[[ Data section, beginning ]]
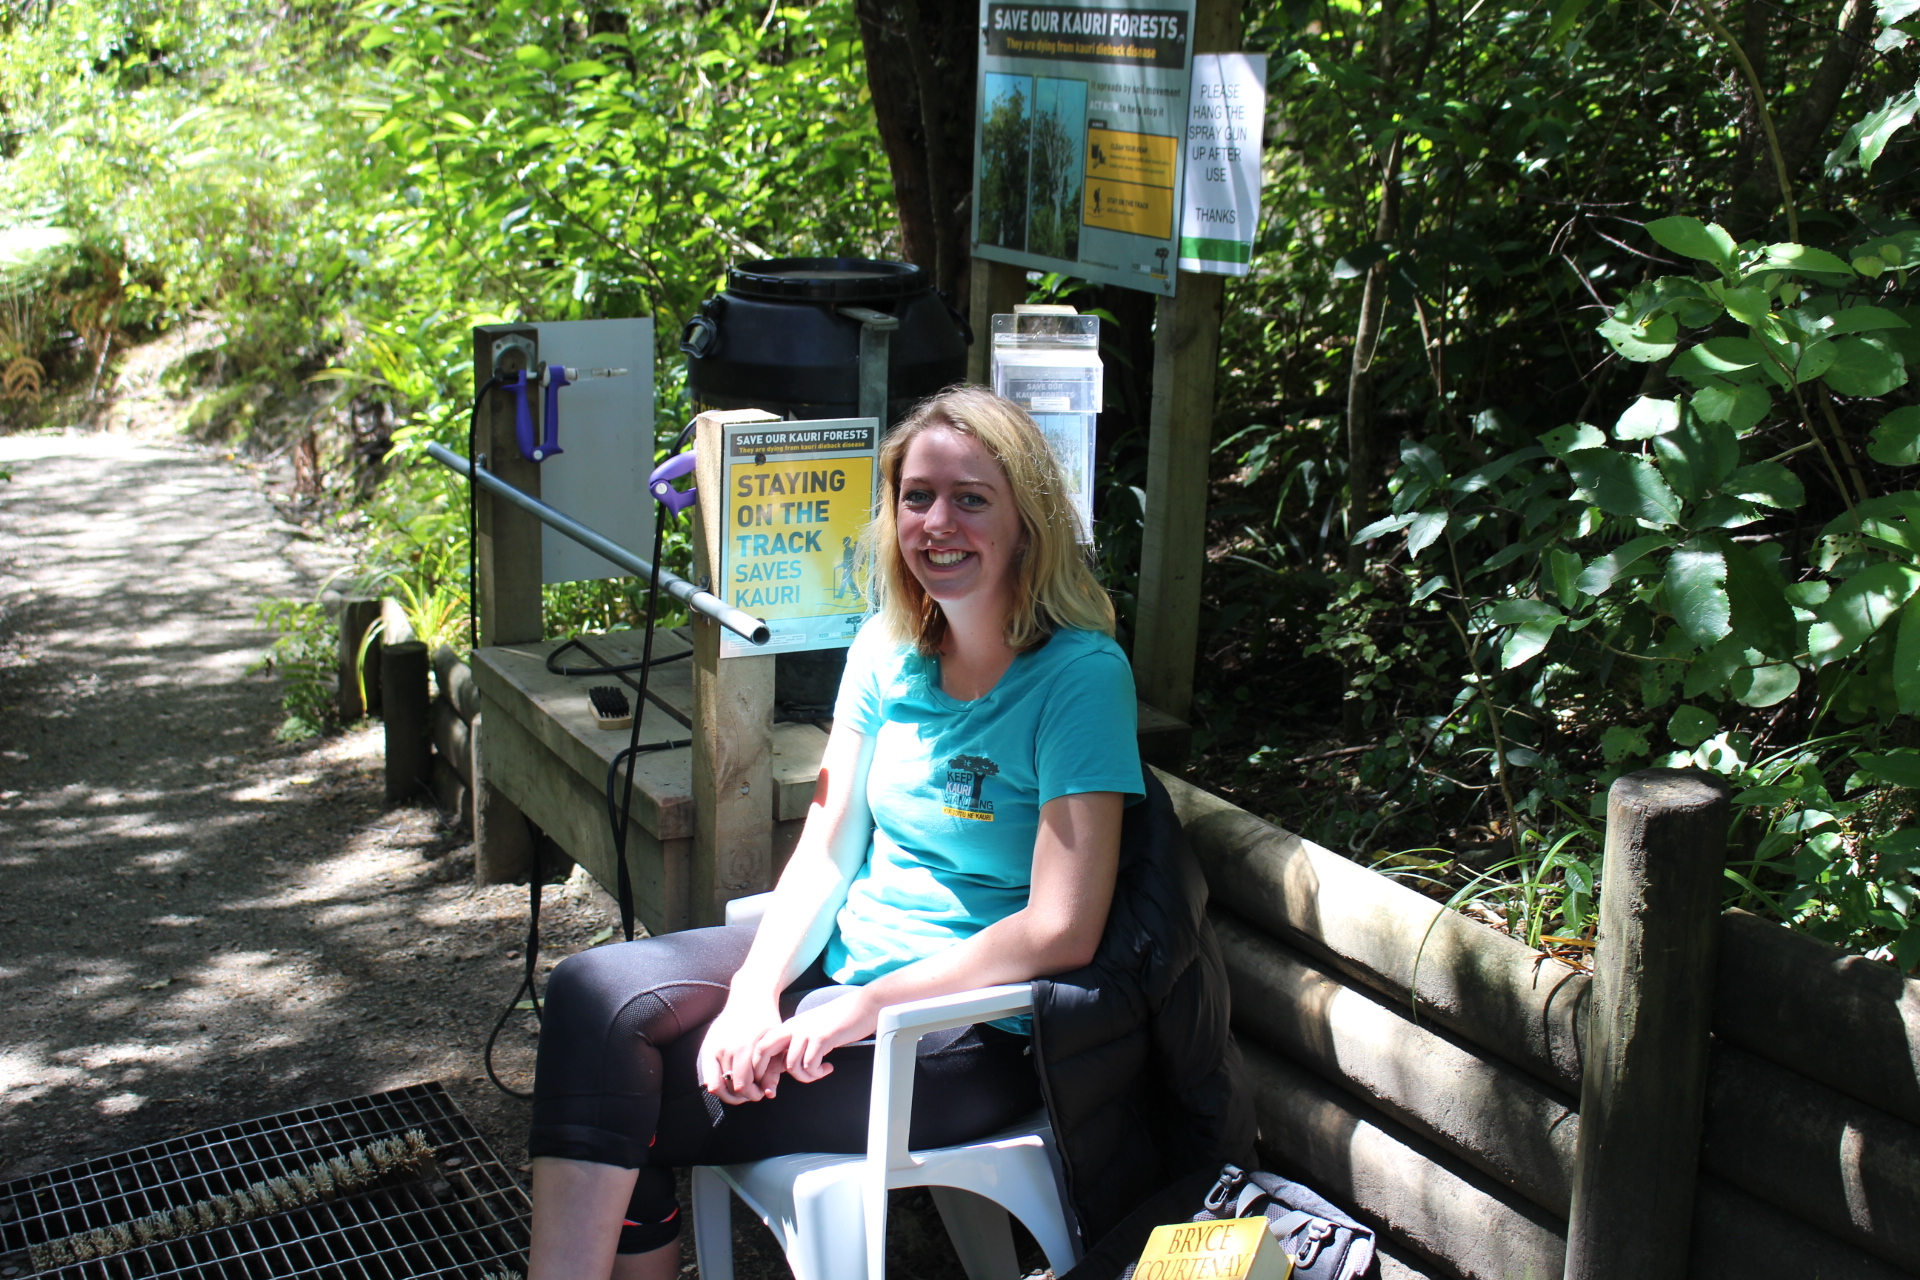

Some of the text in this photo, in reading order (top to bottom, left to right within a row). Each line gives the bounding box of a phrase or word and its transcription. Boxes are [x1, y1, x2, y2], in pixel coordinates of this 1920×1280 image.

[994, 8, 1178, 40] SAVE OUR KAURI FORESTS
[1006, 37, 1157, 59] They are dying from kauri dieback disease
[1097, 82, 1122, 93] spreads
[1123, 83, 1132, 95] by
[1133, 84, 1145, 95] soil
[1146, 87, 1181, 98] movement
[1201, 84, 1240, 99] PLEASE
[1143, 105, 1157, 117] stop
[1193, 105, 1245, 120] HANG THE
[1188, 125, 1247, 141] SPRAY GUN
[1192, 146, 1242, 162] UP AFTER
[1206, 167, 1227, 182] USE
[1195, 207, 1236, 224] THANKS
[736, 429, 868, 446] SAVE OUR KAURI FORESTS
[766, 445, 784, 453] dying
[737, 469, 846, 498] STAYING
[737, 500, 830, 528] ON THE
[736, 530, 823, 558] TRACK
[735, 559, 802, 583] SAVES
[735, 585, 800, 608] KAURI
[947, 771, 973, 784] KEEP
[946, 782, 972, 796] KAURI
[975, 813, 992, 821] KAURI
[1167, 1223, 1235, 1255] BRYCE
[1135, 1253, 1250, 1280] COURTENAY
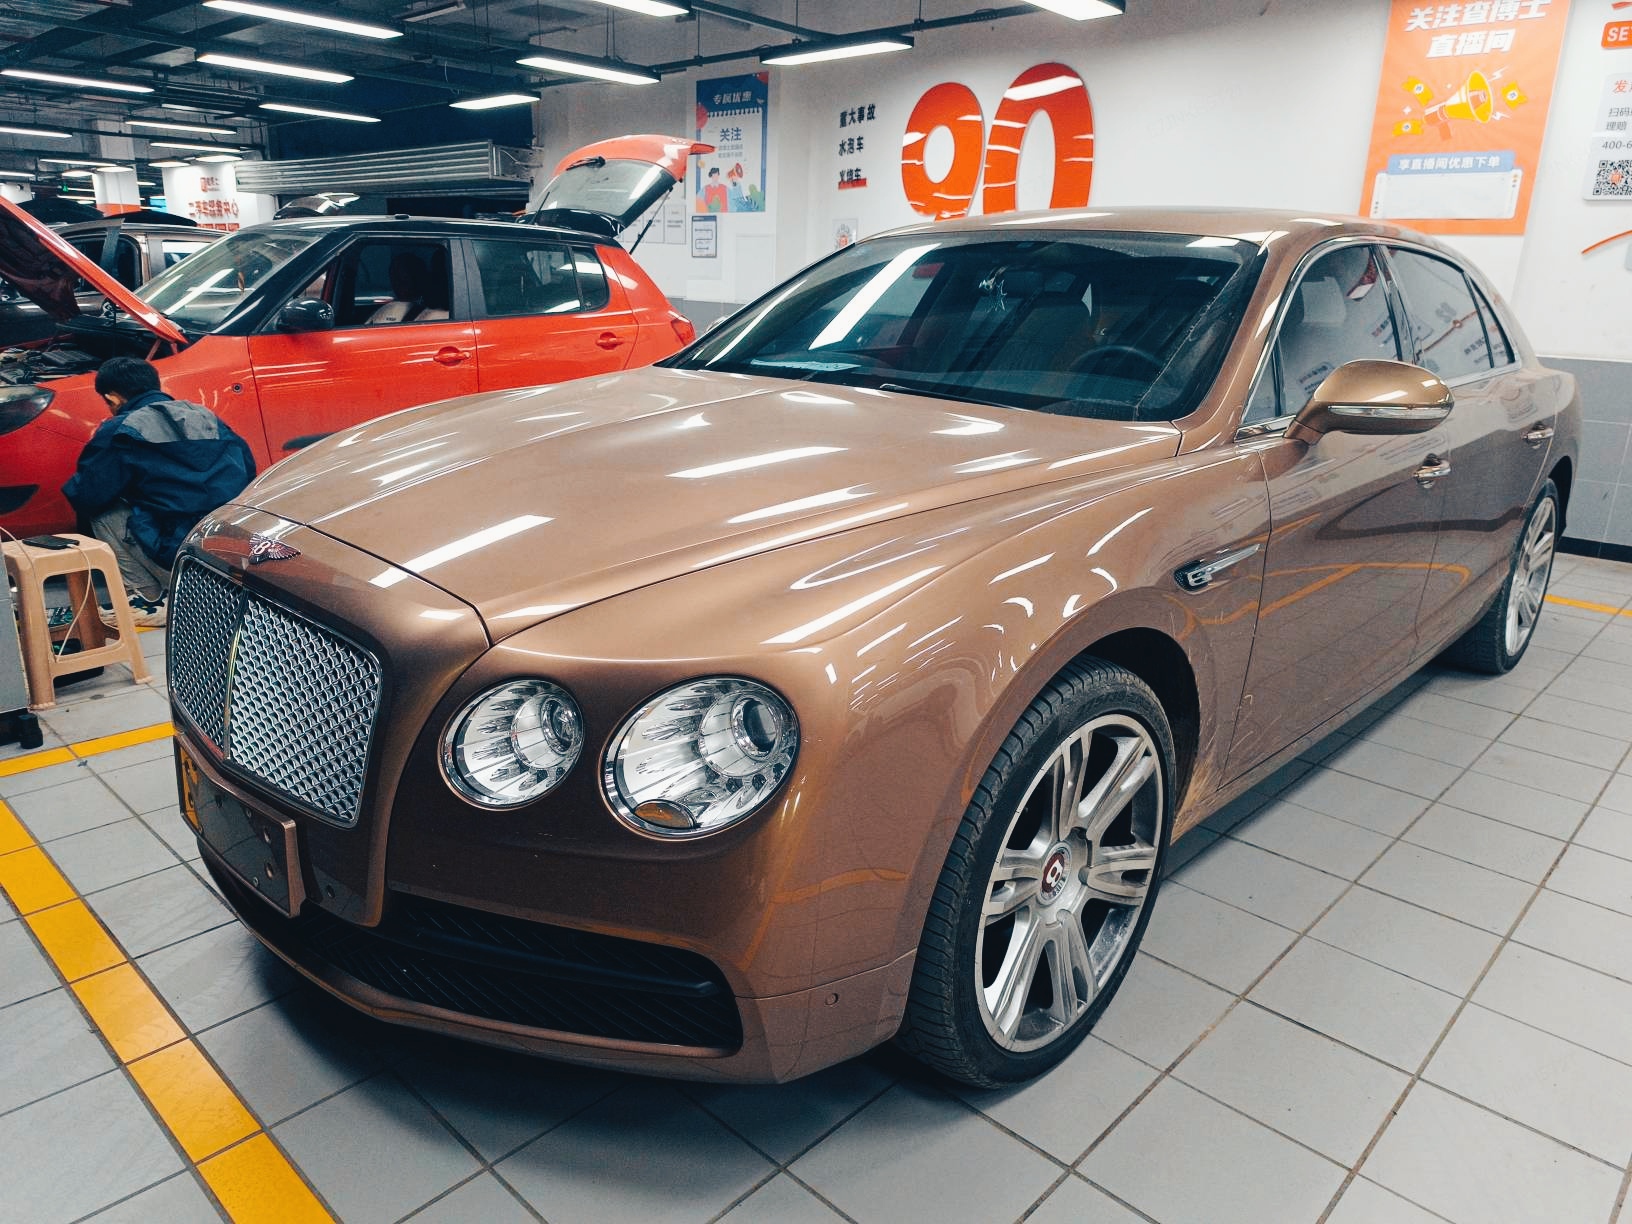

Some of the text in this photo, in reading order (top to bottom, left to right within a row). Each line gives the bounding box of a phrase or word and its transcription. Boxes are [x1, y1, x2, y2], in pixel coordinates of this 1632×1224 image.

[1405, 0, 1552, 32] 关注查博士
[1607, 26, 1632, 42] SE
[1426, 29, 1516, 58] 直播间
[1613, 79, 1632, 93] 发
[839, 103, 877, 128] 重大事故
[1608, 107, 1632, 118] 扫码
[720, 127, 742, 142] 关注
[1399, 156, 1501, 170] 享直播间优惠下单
[[ Data section, end ]]
The task | When printing the entries, leave out the images and keep everything else exact.

Written answer |
Some of the text in this photo, in reading order (top to bottom, left to right within a row). Each line gives the bounding box of a phrase or word and its transcription. Boxes are [x1, y1, x2, y2], in pixel coordinates of this 1920×1280 image.

[994, 8, 1178, 40] SAVE OUR KAURI FORESTS
[1006, 37, 1157, 59] They are dying from kauri dieback disease
[1097, 82, 1122, 93] spreads
[1123, 83, 1132, 95] by
[1133, 84, 1145, 95] soil
[1146, 87, 1181, 98] movement
[1201, 84, 1240, 99] PLEASE
[1143, 105, 1157, 117] stop
[1193, 105, 1245, 120] HANG THE
[1188, 125, 1247, 141] SPRAY GUN
[1192, 146, 1242, 162] UP AFTER
[1206, 167, 1227, 182] USE
[1195, 207, 1236, 224] THANKS
[736, 429, 868, 446] SAVE OUR KAURI FORESTS
[766, 445, 784, 453] dying
[737, 469, 846, 498] STAYING
[737, 500, 830, 528] ON THE
[736, 530, 823, 558] TRACK
[735, 559, 802, 583] SAVES
[735, 585, 800, 608] KAURI
[947, 771, 973, 784] KEEP
[946, 782, 972, 796] KAURI
[975, 813, 992, 821] KAURI
[1167, 1223, 1235, 1255] BRYCE
[1135, 1253, 1250, 1280] COURTENAY

Some of the text in this photo, in reading order (top to bottom, left to right within a row). Each line gives the bounding box of a phrase or word and its transcription. Boxes are [x1, y1, x2, y2], in pixel coordinates of this 1632×1224 image.

[1405, 0, 1552, 32] 关注查博士
[1607, 26, 1632, 42] SE
[1426, 29, 1516, 58] 直播间
[1613, 79, 1632, 93] 发
[839, 103, 877, 128] 重大事故
[1608, 107, 1632, 118] 扫码
[720, 127, 742, 142] 关注
[1399, 156, 1501, 170] 享直播间优惠下单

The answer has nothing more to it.